■ Assignment ■
The records below are to be repeated exactly, and their pictures left out.

[Free-text object descriptions]
------------------------------

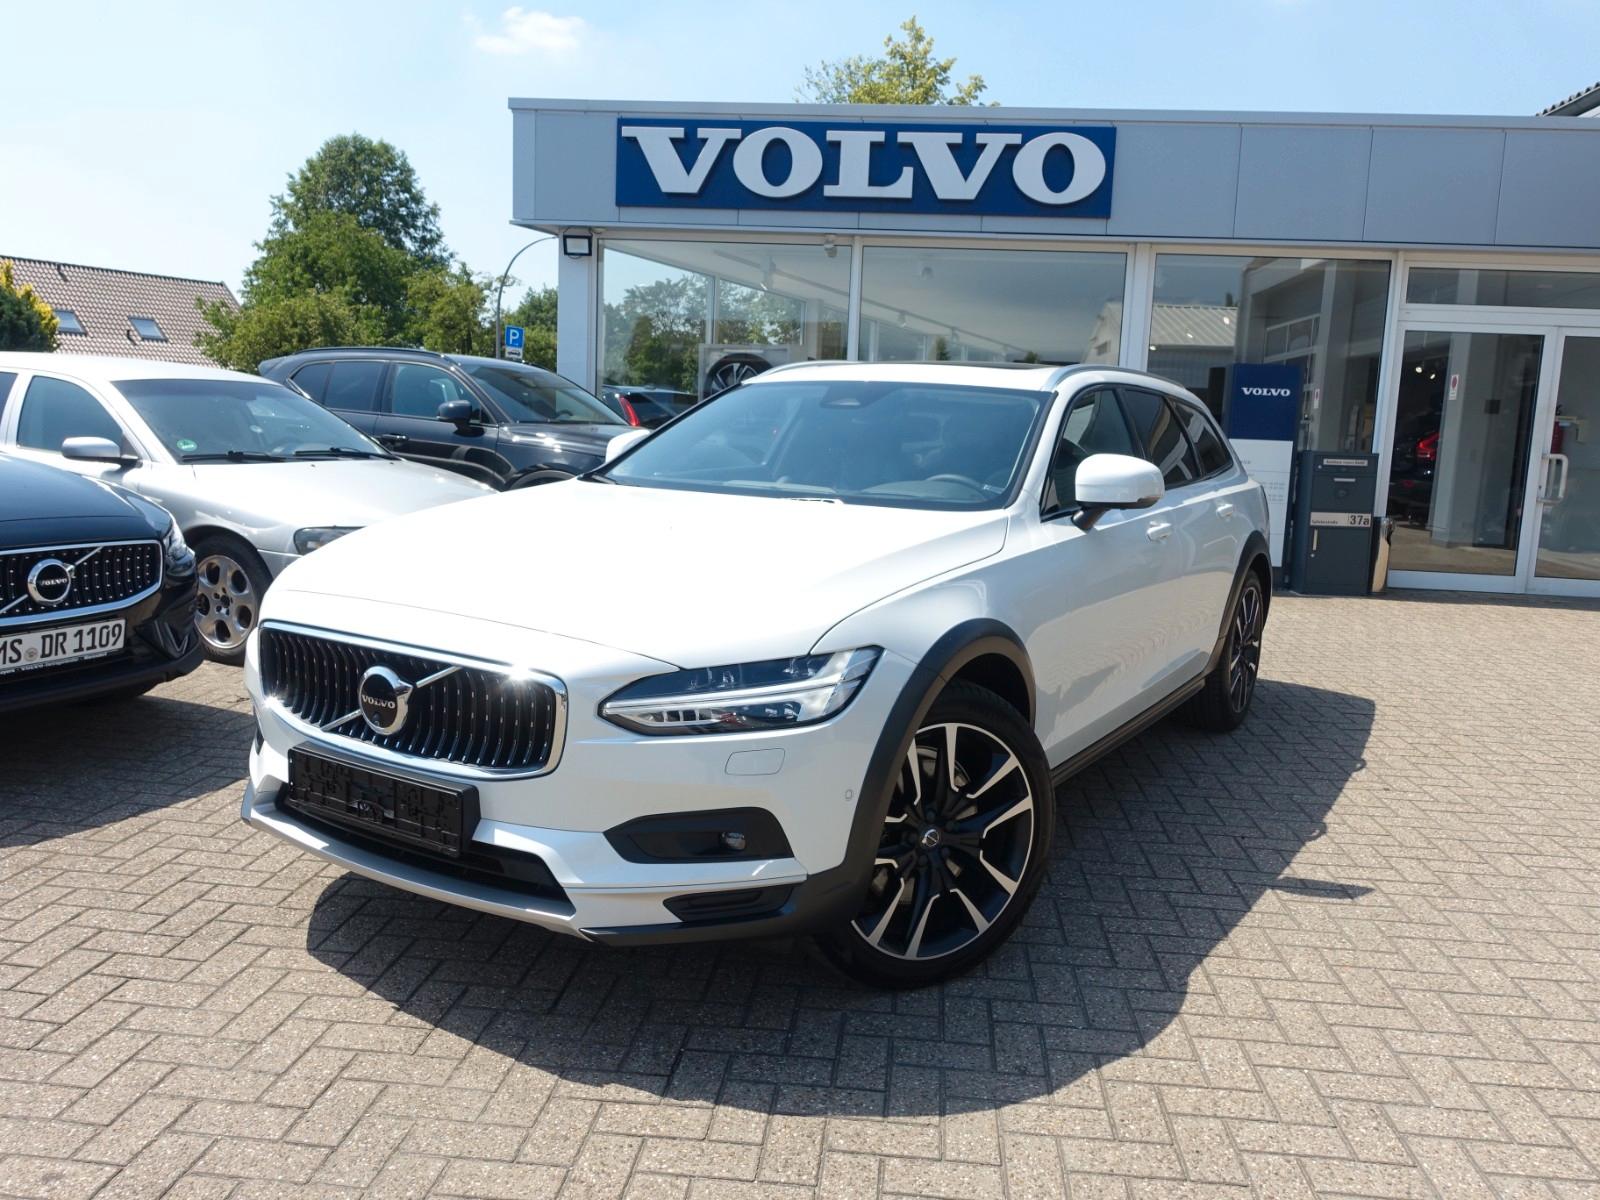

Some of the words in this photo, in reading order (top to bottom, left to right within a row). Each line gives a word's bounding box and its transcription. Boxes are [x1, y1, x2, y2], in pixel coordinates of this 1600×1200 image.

[621, 126, 1106, 205] VOLVO
[510, 329, 519, 344] P
[1241, 387, 1291, 397] VOLVO
[1350, 515, 1370, 526] 37a
[41, 578, 68, 586] VOLVO
[41, 631, 67, 658] DR
[73, 623, 122, 652] 1109
[361, 695, 396, 709] VOLVO
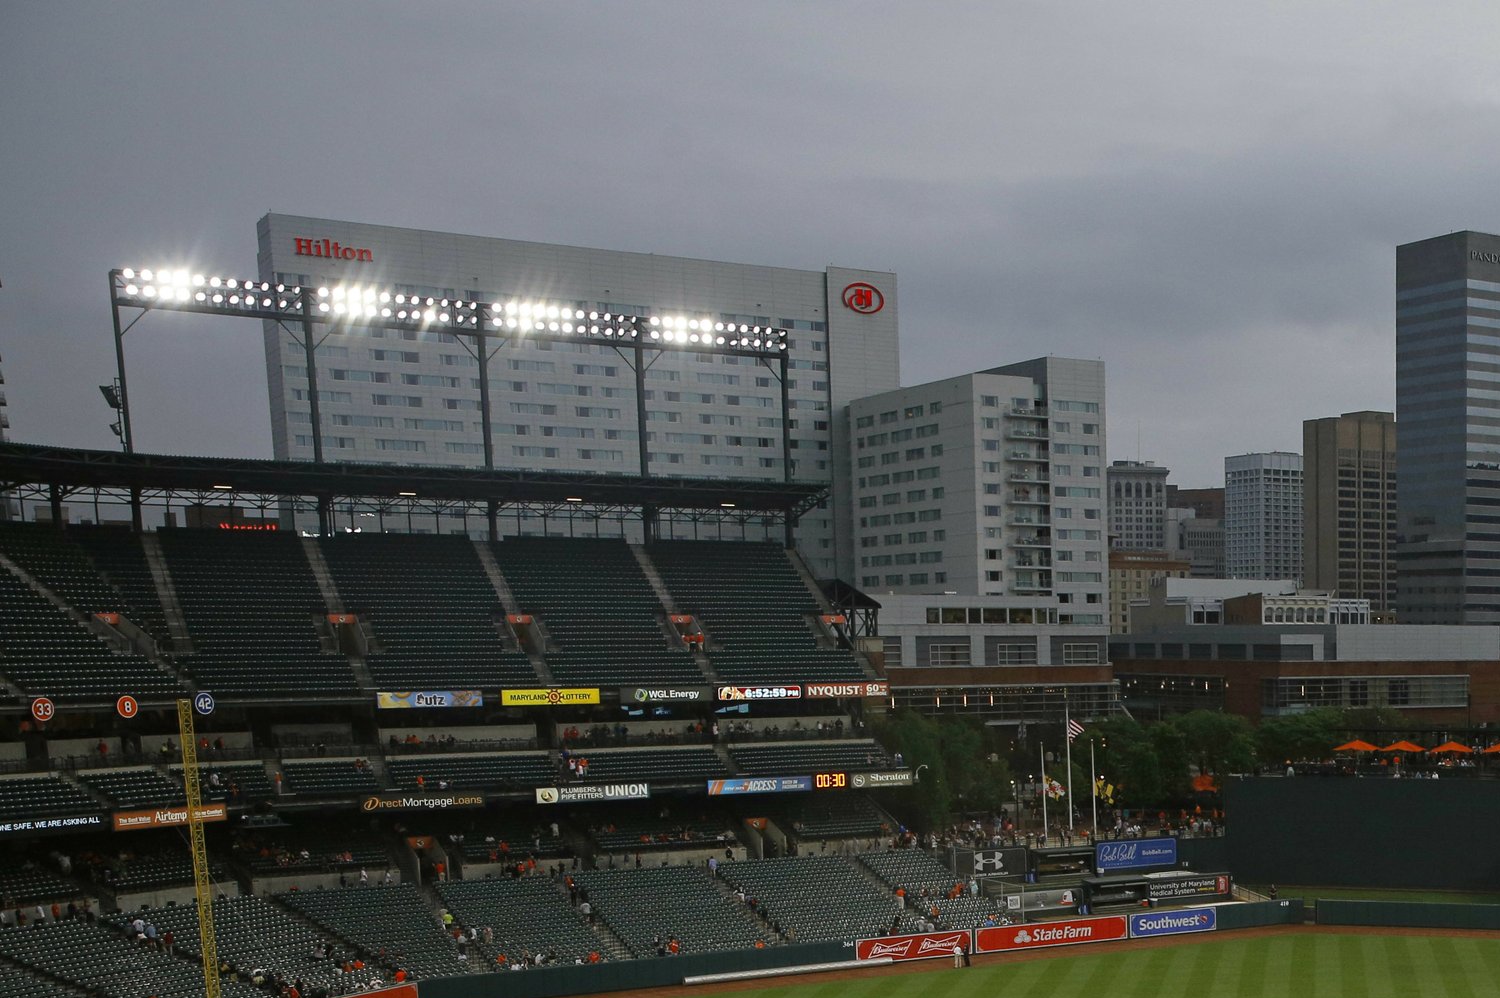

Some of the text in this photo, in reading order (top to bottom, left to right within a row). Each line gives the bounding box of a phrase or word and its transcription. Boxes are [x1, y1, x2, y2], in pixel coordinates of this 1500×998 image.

[294, 236, 373, 262] Hilton
[648, 690, 699, 700] WGL Energy
[744, 688, 786, 698] 6:52:59
[808, 685, 858, 696] NYQUIST
[866, 684, 879, 692] 60
[124, 702, 132, 712] 8
[198, 698, 211, 709] 42
[36, 704, 52, 716] 33
[817, 774, 845, 788] 00:30
[870, 774, 909, 782] Sheraton
[605, 784, 648, 797] UNION
[749, 780, 777, 791] ACCESS
[62, 818, 87, 826] ASKING
[154, 811, 187, 822] Airtemp
[1100, 844, 1136, 862] Bob Bell
[1142, 848, 1172, 856] BobBell.com
[1150, 882, 1180, 890] University
[1188, 879, 1215, 888] Maryland
[1174, 887, 1195, 895] System
[1139, 914, 1200, 932] Southwest
[873, 946, 908, 954] Budweiser
[922, 940, 957, 949] Budweiser

------------------------------

■ Written solution ■
Some of the words in this photo, in reading order (top to bottom, left to right within a row). Each line gives a word's bounding box and its transcription. Boxes are [x1, y1, x2, y2], in pixel coordinates of this 1600×1200 image.

[621, 126, 1106, 205] VOLVO
[510, 329, 519, 344] P
[1241, 387, 1291, 397] VOLVO
[1350, 515, 1370, 526] 37a
[41, 578, 68, 586] VOLVO
[41, 631, 67, 658] DR
[73, 623, 122, 652] 1109
[361, 695, 396, 709] VOLVO

Some of the text in this photo, in reading order (top to bottom, left to right within a row). Each line gives the bounding box of a phrase or word and its transcription. Boxes are [x1, y1, x2, y2], in pixel coordinates of this 1500×998 image.

[294, 236, 373, 262] Hilton
[648, 690, 699, 700] WGL Energy
[744, 688, 786, 698] 6:52:59
[808, 685, 858, 696] NYQUIST
[866, 684, 879, 692] 60
[124, 702, 132, 712] 8
[198, 698, 211, 709] 42
[36, 704, 52, 716] 33
[817, 774, 845, 788] 00:30
[870, 774, 909, 782] Sheraton
[605, 784, 648, 797] UNION
[749, 780, 777, 791] ACCESS
[62, 818, 87, 826] ASKING
[154, 811, 187, 822] Airtemp
[1100, 844, 1136, 862] Bob Bell
[1142, 848, 1172, 856] BobBell.com
[1150, 882, 1180, 890] University
[1188, 879, 1215, 888] Maryland
[1174, 887, 1195, 895] System
[1139, 914, 1200, 932] Southwest
[873, 946, 908, 954] Budweiser
[922, 940, 957, 949] Budweiser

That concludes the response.